I am back to nursing (Veterinary) and loving squishing and smooching them pets. I had actually missed being around animals and the routine of work life along with being around familiar faces. I’m back in Liverpool (best city in the world) having caught up with all my best friends and I have my identity back. I hadn’t counted on how much of being me, I would lose whilst I spent every day, consumed with Rob. Everything, whilst being out there, supporting him, was about him. Of course it was and I fear that this can sound very resentful, trust me, I’m not but I have very much enjoyed people asking me how I am and asking me about what I want to do. I have actually been able to enjoy watching Rob’s journey rather than being part of it. What I have learned is that from the outside looking in, you have no idea just how challenging it is. I could bleat on and on about the day to day, hour to hour and minute to minute tasks and obstacles that are encountered but never realised via a social media site. We will only show the good and interesting stuff but the boring, tiring and grumpy stuff is (mostly)left out. I will instead just remind you that for about 10 hrs a day, every day, he runs. Through every climate possible, through pain, through loneliness and constant thoughts of where and when he may rest or eat.  It is no holiday.
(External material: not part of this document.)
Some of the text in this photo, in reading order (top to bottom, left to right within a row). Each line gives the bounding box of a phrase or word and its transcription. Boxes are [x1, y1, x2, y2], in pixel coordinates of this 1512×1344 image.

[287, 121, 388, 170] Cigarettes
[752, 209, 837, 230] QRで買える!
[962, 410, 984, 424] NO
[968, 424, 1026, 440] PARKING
Hasn’t he done well though? Baby jogger (Pramsolo) with all his belongings and relying on the amazing kindness of locals that he meets. He has had great press and some well deserved attention here and there from the BBC, the Boston Globe, Sky News and the Daily Star amongst others. He has completed the Boston Marathon and the big turn around at Marshall Point Lighthouse. The biggest struggle, to turn around after all that excitement and feel like he’s starting again for the 3rd leg/crossing. He’s still doing it though; He’s still out there, pushing a jogger and running 35+ miles a day on his own. I feel less guilty and actually believe it to have been a good thing. At least he knows he can truly manage unsupported and that is yet another challenge he overcame.
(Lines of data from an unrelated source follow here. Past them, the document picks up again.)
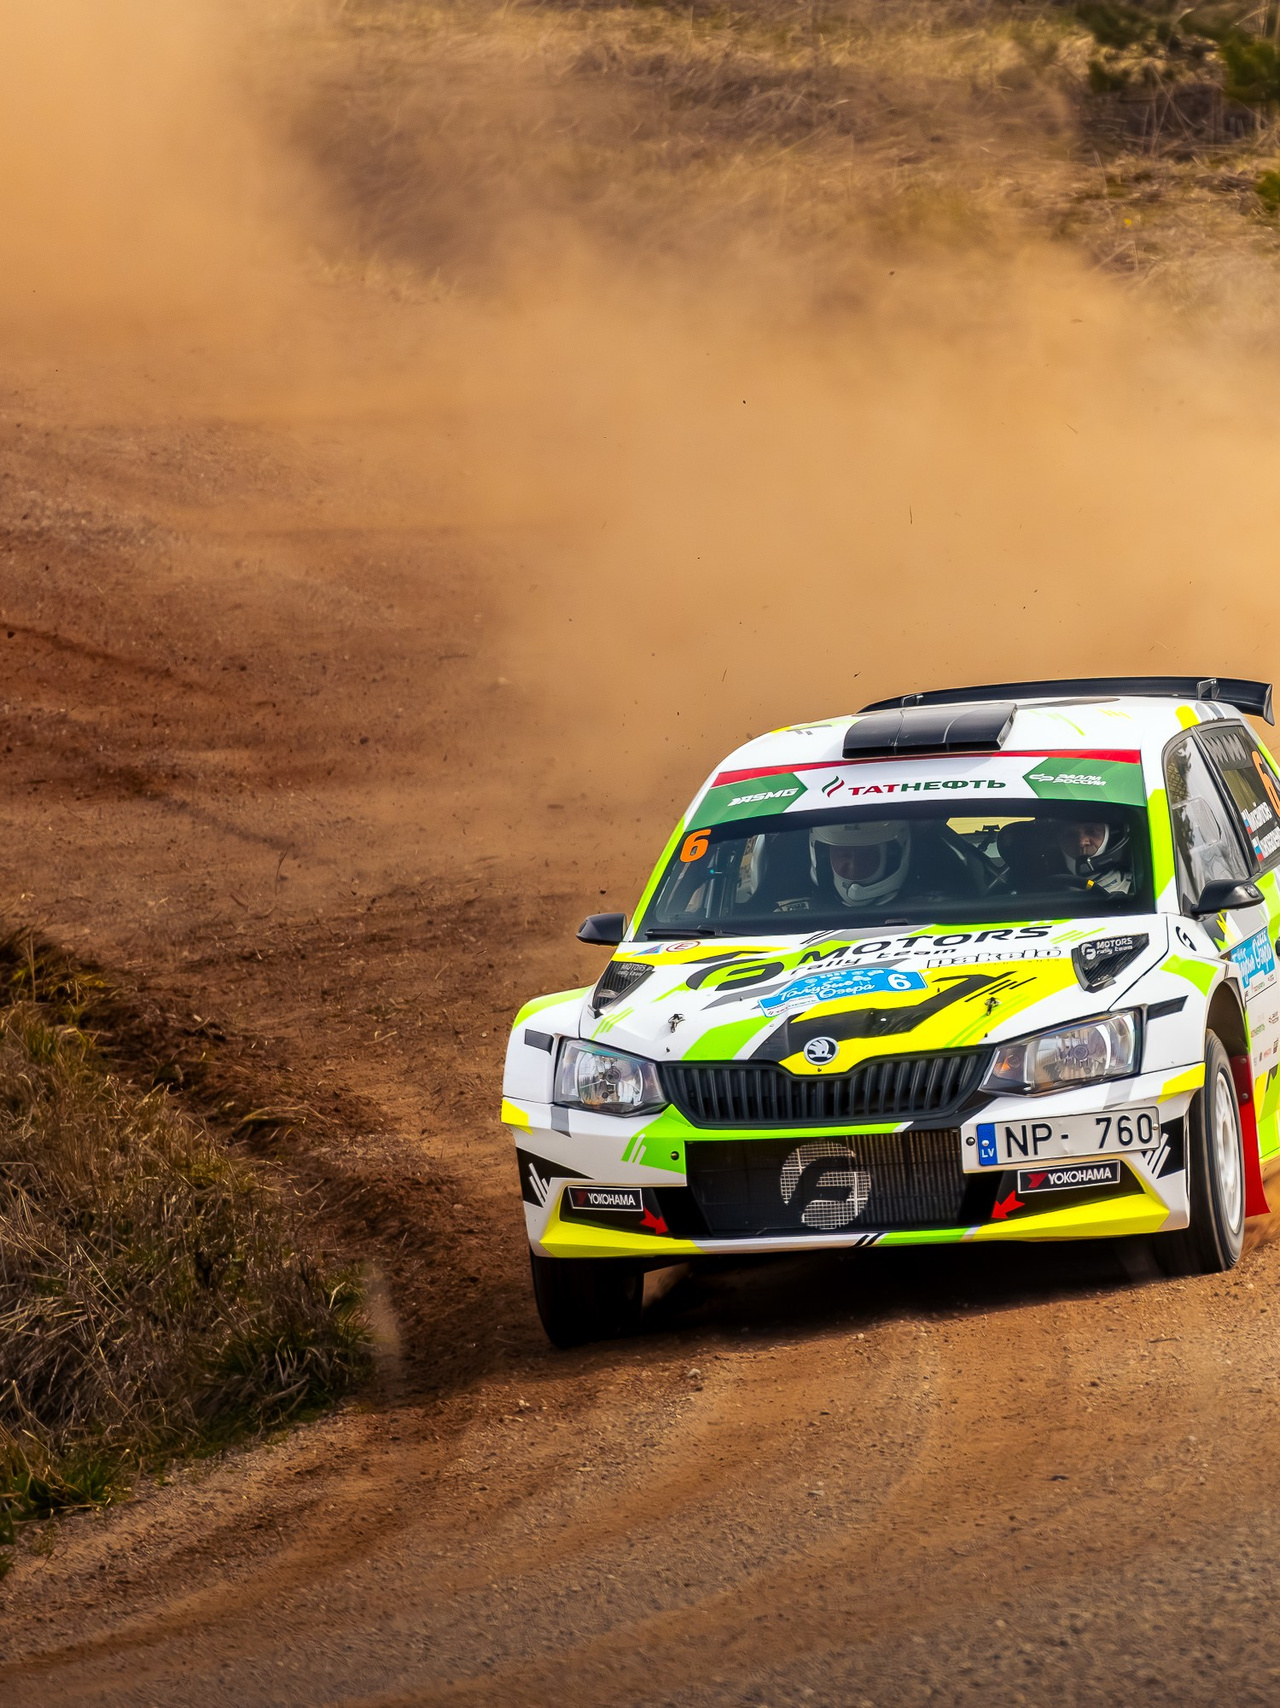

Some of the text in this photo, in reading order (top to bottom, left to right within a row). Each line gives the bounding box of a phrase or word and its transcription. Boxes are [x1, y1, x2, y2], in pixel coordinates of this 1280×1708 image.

[848, 779, 1007, 796] ТАТНЕФТЬ
[680, 828, 712, 863] 6
[797, 925, 1053, 967] MOTORS
[1096, 937, 1133, 950] MOTORS
[790, 957, 862, 976] rally
[877, 949, 957, 959] team
[927, 948, 1062, 969] pakelo
[887, 973, 912, 990] 6
[1095, 1112, 1153, 1150] 760
[981, 1147, 995, 1158] LV
[1048, 1167, 1112, 1185] YOKOHAMA
[587, 1193, 636, 1206] YOKOHAMA
I have been looking through all our photos since the start in September and realising what an amazing adventure we’ve had so far. I’m really excited to get back out there and see the sights and meet some more amazing people, so I will be returning (all being well) to support him again in July. I have to, for so many reasons but mostly because I love him and I would like to think that I would always help those that I love, to live their dreams. This has been a challenge on our relationship; The daily close proximity to the extreme distance, The feelings of uneven support, the bank balance nearing zero, the waiting around for our next adventure but I am in total awe of what he is achieving. I get to burst with pride at every new stage he reaches and I get to hear him tell me exciting stories about his day instead of not having anything interesting to talk about. Yes, sometimes I wish it was all over but mostly, just thinking about this ‘Forrest Gump run’ just brings a massive smile to my face and let’s be honest, a normal 9-5 life, just wouldn’t cut the mustard.